Reproduce the records below exactly, leaving out any pictures.
[GIVEN DATA — start]
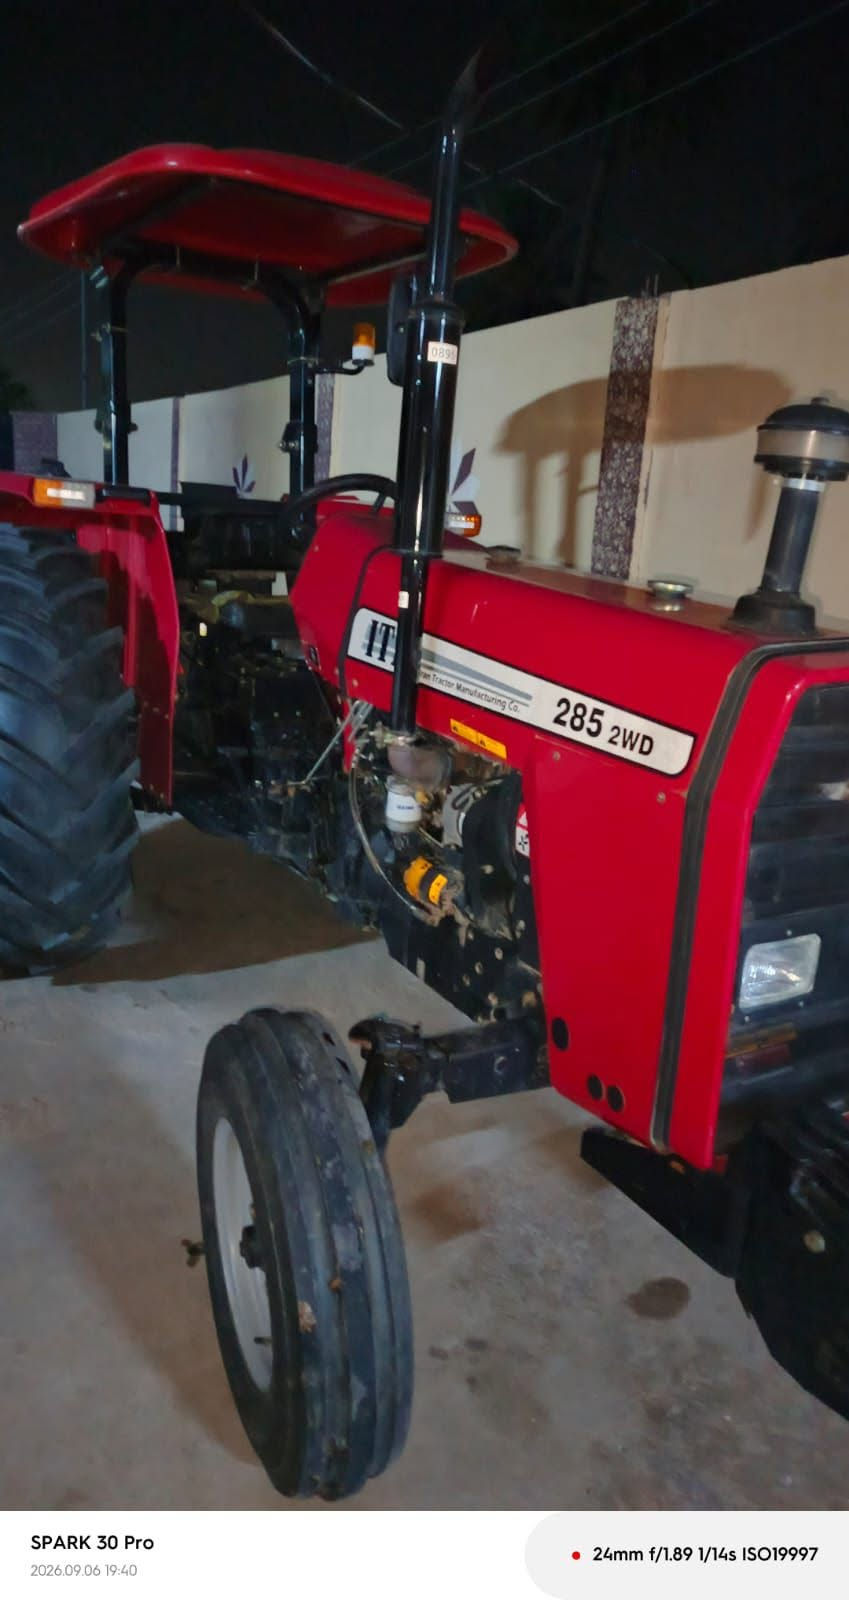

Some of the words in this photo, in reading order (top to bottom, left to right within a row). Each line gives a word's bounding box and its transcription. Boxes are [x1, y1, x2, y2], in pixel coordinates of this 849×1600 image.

[365, 619, 396, 666] IT
[432, 673, 454, 688] Tractor
[456, 682, 507, 711] Manufacturing
[508, 700, 520, 713] Co.
[553, 697, 605, 738] 285
[608, 725, 654, 756] 2WD
[GIVEN DATA — finish]
# SOLUTION TO THIS TASK
Some of the words in this photo, in reading order (top to bottom, left to right within a row). Each line gives a word's bounding box and its transcription. Boxes are [x1, y1, x2, y2], in pixel coordinates of this 849×1600 image.

[365, 619, 396, 666] IT
[432, 673, 454, 688] Tractor
[456, 682, 507, 711] Manufacturing
[508, 700, 520, 713] Co.
[553, 697, 605, 738] 285
[608, 725, 654, 756] 2WD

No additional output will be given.